You used to be so amused
At Napoleon in rags and the language that he used
Go to him now, he calls you, you can’t refuse
When you ain’t got nothing, you got nothing to lose
You’re invisible now, you got no secrets to conceal.
There you have it.
You may laugh at the deposed emperor,
you may be amused at his downfall,
but when he calls, you can’t refuse,
because his downfall is your downfall, and …
When you ain’t got nothing, you got nothing to lose,
you’re invisible now, you got no secrets to conceal.
There was something about this song,
that stripped it all down to the naked truth,
that saw through the pretense, the suburban boredom,
the propaganda and deceit of our culture,
and rendered it all unveiled.
We had no secrets left to conceal.
This is the apocalyptic ministry of Bob Dylan.
This is the ministry of unveiling,
of cutting through the fog;
of seeing what is before your face,
of exposing the lies,
of naming things for what they are.
Bruce Springsteen has said that while Elvis liberated our bodies,
Bob Dylan liberated our minds.
And to do that he needed to create
a new sound that broke the rules
of what a pop singer should sound like,
of what lyrics should convey,
of how long a song for radio should be.
Deeply rooted and informed by the richest poetic traditions,
with an imagination suffused with biblical imagery, narrative and metaphors,
Bob Dylan took his place on the watchtower.
He took up the ministry that is at the heart of the best songwriting:
to look, to listen, to announce.
Let the lookout announce what he sees,
and let him listen diligently to what is transpiring
in the affairs of humanity.
Let him read the signs of the times,
see where history is going,
hear the cries both of arrogant triumph and mournful lament.
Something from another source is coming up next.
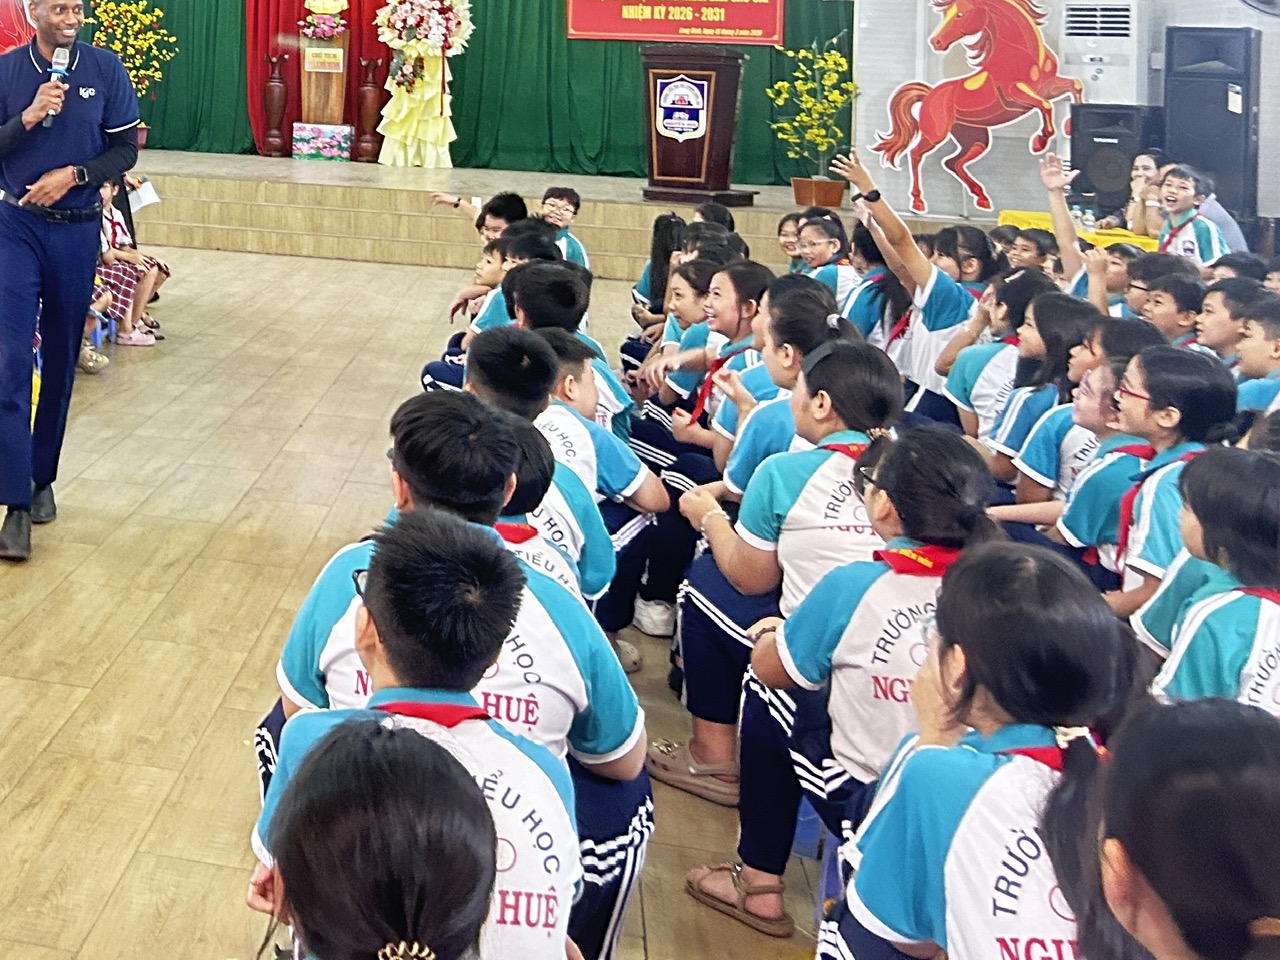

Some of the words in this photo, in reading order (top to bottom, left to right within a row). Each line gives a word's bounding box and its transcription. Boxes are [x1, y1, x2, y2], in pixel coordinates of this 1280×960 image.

Indeed, let the lookout on the watchtower,
let this joker and this thief,
discern where the Spirit is moving and proclaim,
“Fallen, fallen is Babylon;
and all the images of her gods lie shattered on the ground.”
That’s what apocalyptic vision is all about.
An unveiling of history,
a stripping bare of empire,
a dethronement of all false idols,
a tearing down of the sacred canopy,
a desecration of sacred spaces of oppression.
Like Dylan, Jesus changed the rules.
And like Dylan, the fans didn’t always get it.
You see, the disciples of Jesus couldn’t help themselves.
True enough, Jesus had been preaching against the Temple for years,
and yes, he had even staged some street theatre against the Temple
just a day or so earlier,
but when you stood in the shadow of its dazzling beauty,
surely you had to admit that this was a sight to behold.
This architectural wonder was a mountain of white marble.
When the sun rose in the morning it reflected brilliantly
off of the plates of gold that adorned this building.
And so the symbolic power of this built structure
did what it was supposed to do.
By conveying a sense of eternal permanence,
a sense that this was nothing less than the centre of the universe,
a sacred site of holiness and hope, of security and divine legitimacy …
this magnificent building captured the imaginations of all who beheld it,
the disciples of Jesus included.
“Look at this, Rabbi. Just look at the intricacy of this architecture.
Look at how large those slabs of marble are.
Just think for a second of the engineering marvel of this construction.”
And Jesus sighs and tells them that they need to look more closely.
Take a good look, Jesus says, because its all going to come down.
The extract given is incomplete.